Geste et Lumière

21 mai 2014, 01:21

Lors de ses dernières expositions, l’artiste Ahmed Al Barrak nous a habitués à nous plonger à travers ses toiles   dans la mémoire de la ville de Tanger (« Traces »)  dans   sa culture millénaire , sa lumière et sa réalité citadine («  Graffitis »), aujourd’hui il nous revient avec un ensemble d’œuvres  faites expressément  pour l’exposition Sete Sois Sete luas de Ponte de  Sor , au Portugal.
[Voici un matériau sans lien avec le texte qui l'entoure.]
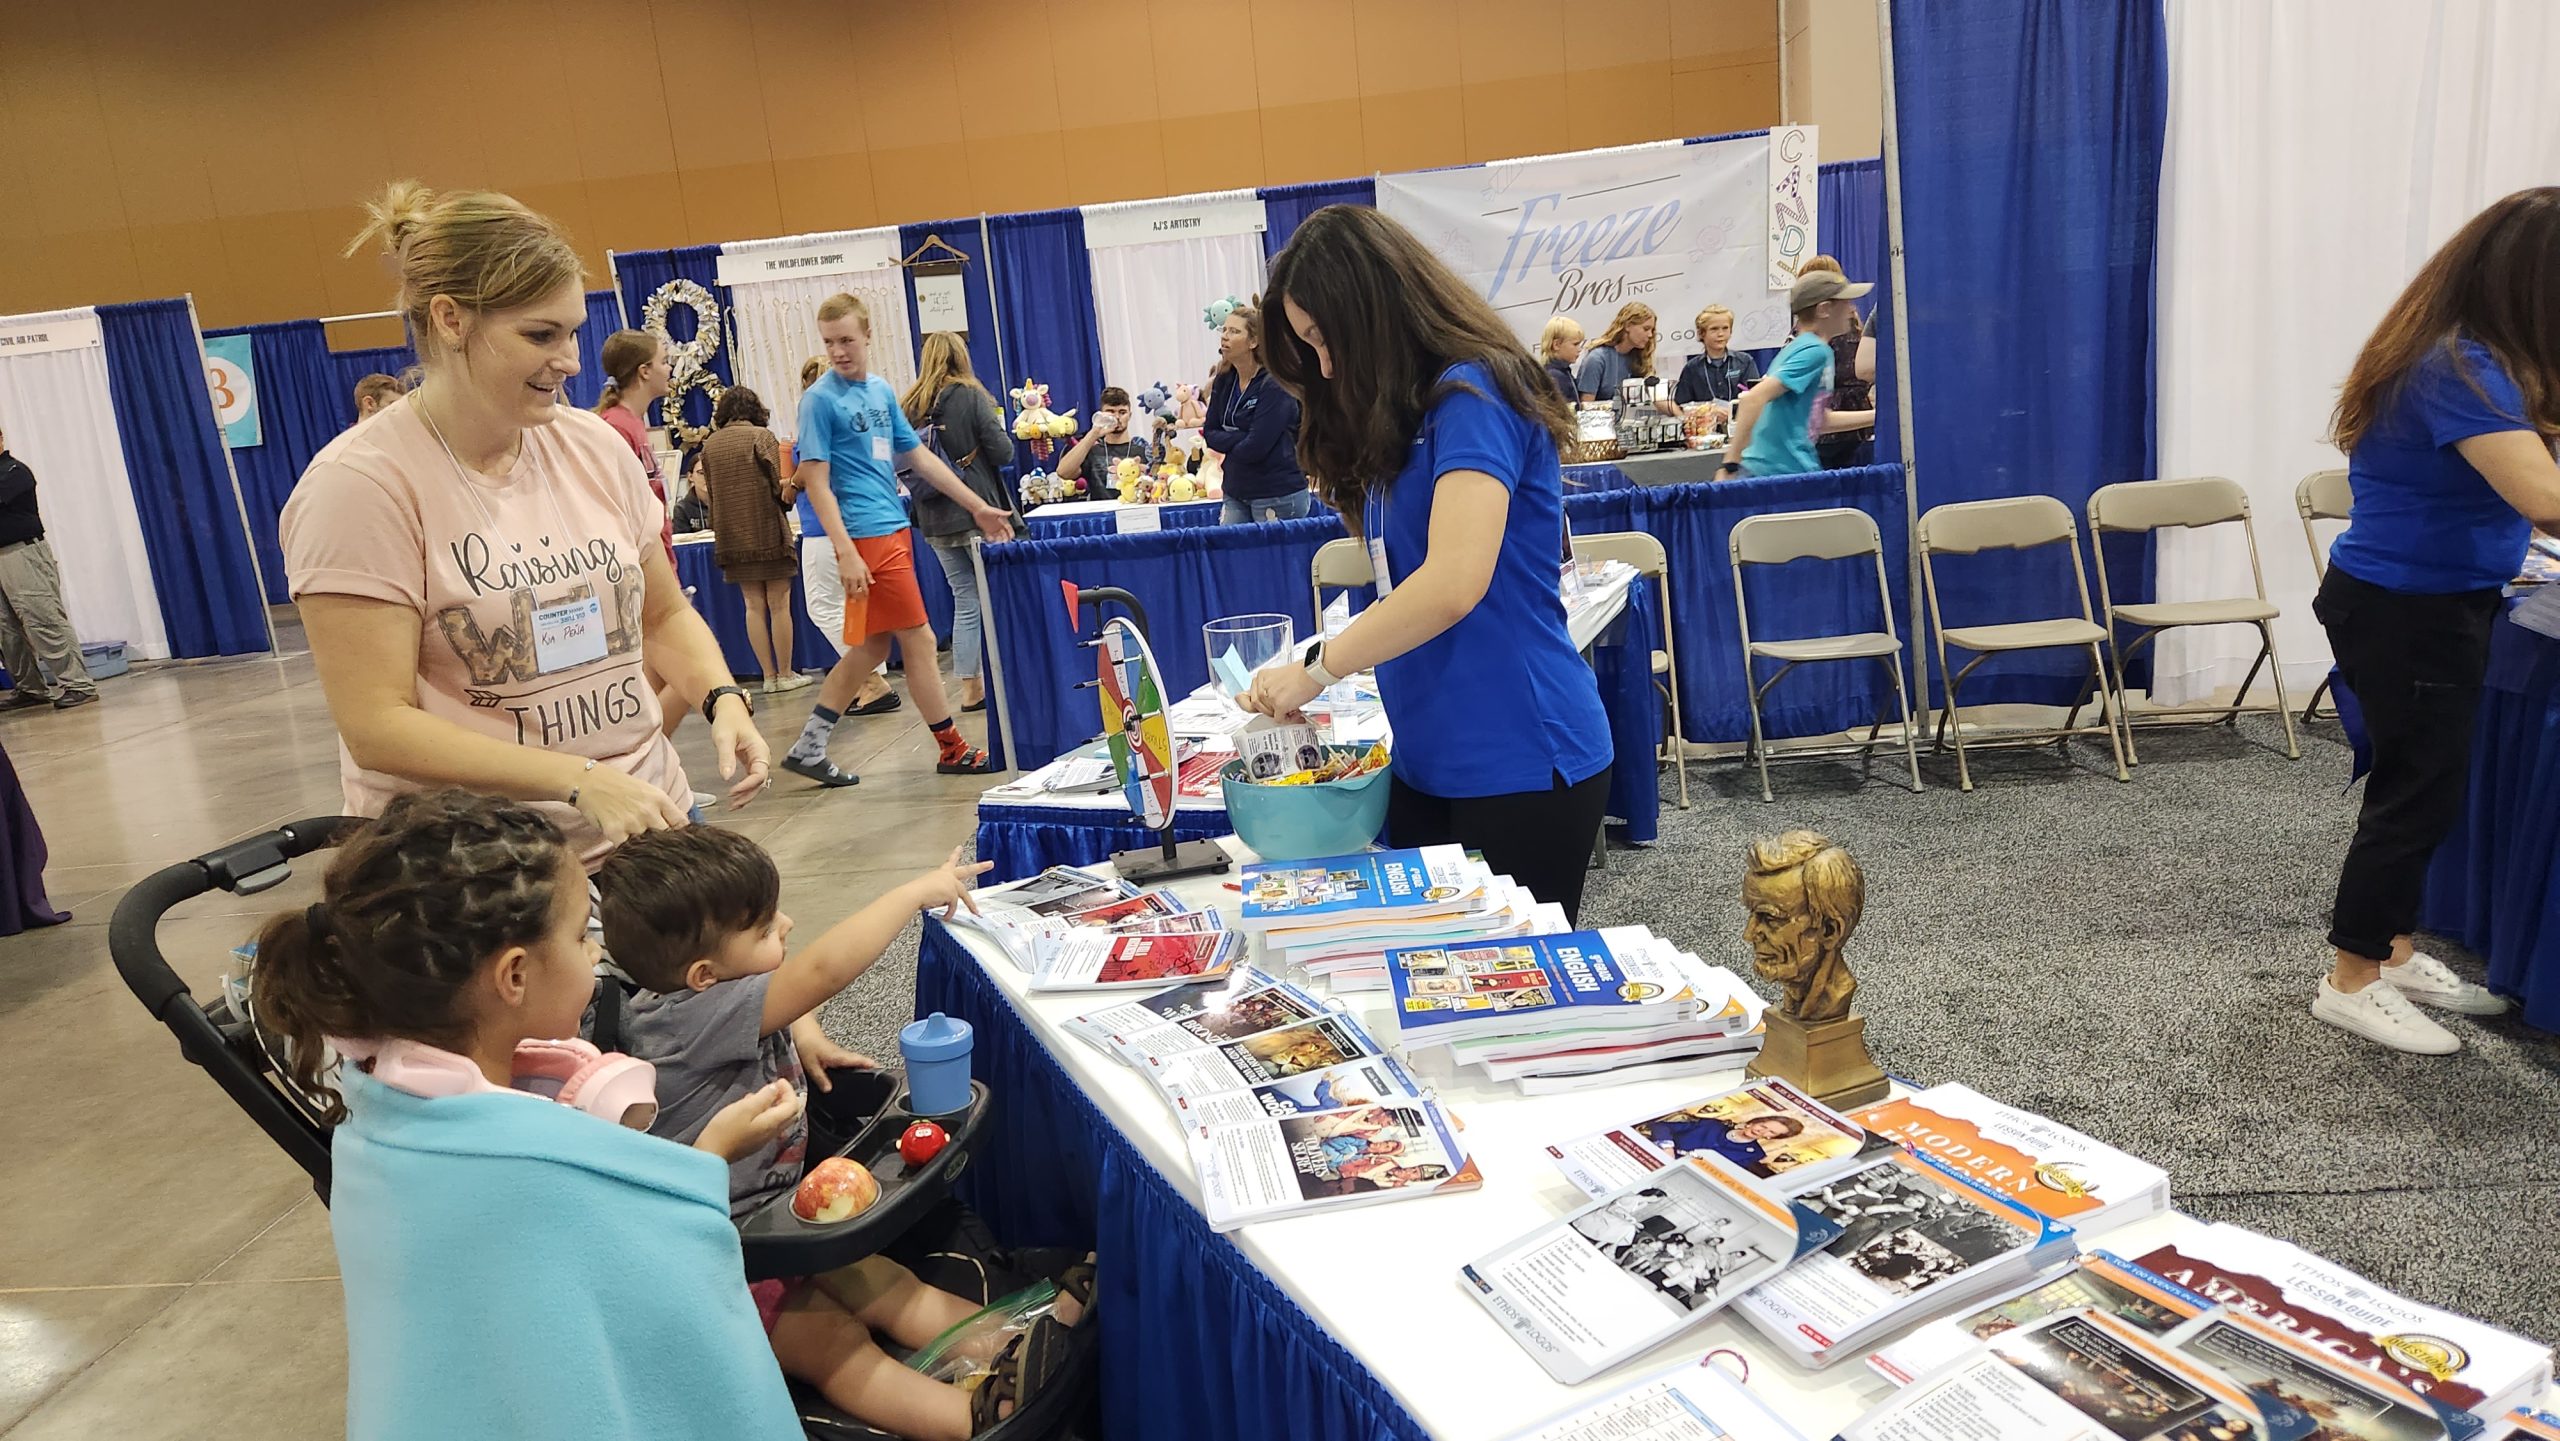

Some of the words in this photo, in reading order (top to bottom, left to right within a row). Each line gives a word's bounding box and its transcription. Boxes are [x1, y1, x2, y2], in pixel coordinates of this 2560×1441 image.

[1153, 220, 1168, 231] AJ'S
[1170, 217, 1201, 230] ARTISTRY
[1775, 130, 1809, 277] CANDY
[765, 260, 777, 271] THE
[779, 256, 819, 269] WILDFLOWER
[820, 254, 844, 265] SHOPPE
[1487, 193, 1682, 301] Freeze
[1550, 268, 1626, 315] Bros
[1627, 282, 1658, 297] INC.
[450, 532, 624, 597] Raising
[436, 563, 645, 687] WD
[539, 609, 568, 621] COUNTER
[504, 676, 641, 746] THINGS
[1384, 862, 1412, 897] ENGLISH
[1556, 946, 1601, 993] ENGLISH
[1182, 1020, 1220, 1044] BRONZ
[1223, 1047, 1240, 1062] AND
[1260, 1091, 1284, 1116] WOO
[1279, 1100, 1299, 1115] CA
[1290, 1141, 1315, 1174] SECRET
[1303, 1134, 1330, 1177] TOLIVER'S
[1898, 1121, 2040, 1192] MODERN
[2112, 1258, 2131, 1271] TOP
[2131, 1267, 2148, 1279] 100
[2148, 1273, 2181, 1296] EVENTS
[2180, 1290, 2192, 1301] IN
[2189, 1295, 2211, 1311] HIS
[2286, 1276, 2345, 1309] LESSON
[2346, 1303, 2395, 1328] GUIDE
[2292, 1262, 2342, 1289] ETHOS
[2369, 1298, 2427, 1325] LOGOS
[1493, 1295, 1520, 1320] ETHOS
[1760, 1296, 1791, 1319] LOGOS
[2163, 1269, 2433, 1395] AMERICA'S
[2388, 1336, 2451, 1376] QUESTIONS
Le Portugal, pays voisin qui partage avec le Maroc une histoire particulièrement  riche,  dont la mémoire  est soigneusement entretenue à travers vestiges et architectures dans plusieurs villes du royaume sur la côte méditerranéenne et atlantique.  

Ahmed Al Barrak présente aujourd’hui une vingtaine de toiles sur le thème « Geste et lumière » travaillées avec énergie, fougue et passion, presqu’en continu, comme travaille tout artiste lorsque le tourbillon de l’inspiration l’enchaine, l’emporte et le transporte.
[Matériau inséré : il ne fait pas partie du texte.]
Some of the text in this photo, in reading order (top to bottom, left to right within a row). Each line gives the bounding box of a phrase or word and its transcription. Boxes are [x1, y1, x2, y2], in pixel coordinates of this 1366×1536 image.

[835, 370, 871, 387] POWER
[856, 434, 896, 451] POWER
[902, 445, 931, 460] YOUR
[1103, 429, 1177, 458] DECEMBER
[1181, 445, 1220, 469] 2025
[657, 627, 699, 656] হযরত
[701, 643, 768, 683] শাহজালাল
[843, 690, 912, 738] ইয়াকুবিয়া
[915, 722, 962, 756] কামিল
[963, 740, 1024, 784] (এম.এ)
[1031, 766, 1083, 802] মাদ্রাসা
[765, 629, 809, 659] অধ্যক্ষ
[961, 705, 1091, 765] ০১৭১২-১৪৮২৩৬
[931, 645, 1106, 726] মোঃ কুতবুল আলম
Inspiration née du geste et  du mouvement, née de la lumière et  donc par là même, de la couleur.  

Déclinaisons de bleus intenses, ou    fonds plus sombres   virant parfois au mauve, le travail de l’artiste semble toujours en quête de transparences  dont la maitrise fait émaner une luminosité spéciale, celle de l’atmosphère méditerranéenne. Des petites taches de couleurs chaudes distribuées avec parcimonie viennent réchauffer tous ces bleus comme le feraient des taches de soleil filtrant, quand l’ombre devient nécessaire.  Dans le sillage de grands gestes générateurs de lignes courbes ouvertes ou fermées, semblent apparaitre tour à tour, visages d’enfants curieux, têtes hirsutes aux  yeux dilatés sur le monde, clin  d’œil complice sorti d’on ne sait où, fenêtres ouvertes sur  l’immensité du bleu, personnages oniriques remontant du  fond des  mers…  

Interrogé sur son travail, l’artiste  nous dit :   «  Quand je peins je ne me pose aucune question, je suis guidé par mon instinct, mon goût, ma culture, mon état d’âme du moment les couleurs posées en appellent d’autres, je couvre, je gratte, je trace des lignes en de larges mouvements de brosses ou de couteaux, je les laisse se répondre et appeler d’autres lignes s’il le faut. J’ouvre, je ferme, j’enserre, je libère, ça c’est mon rôle de peintre. Lorsque ma toile est achevée et offerte au regard du public, ce dernier est libre de l’interpréter à sa manière et d’en ressentir ou non les émotions qu’elle dégage  et  les vibrations qu’elle peut émettre. »

 Ahmed Al Barrak  profondément imprégné par  la culture et  la lumière du Détroit nous fait rêver à travers ses toiles, en jouant avec la couleur,  le geste la lumière.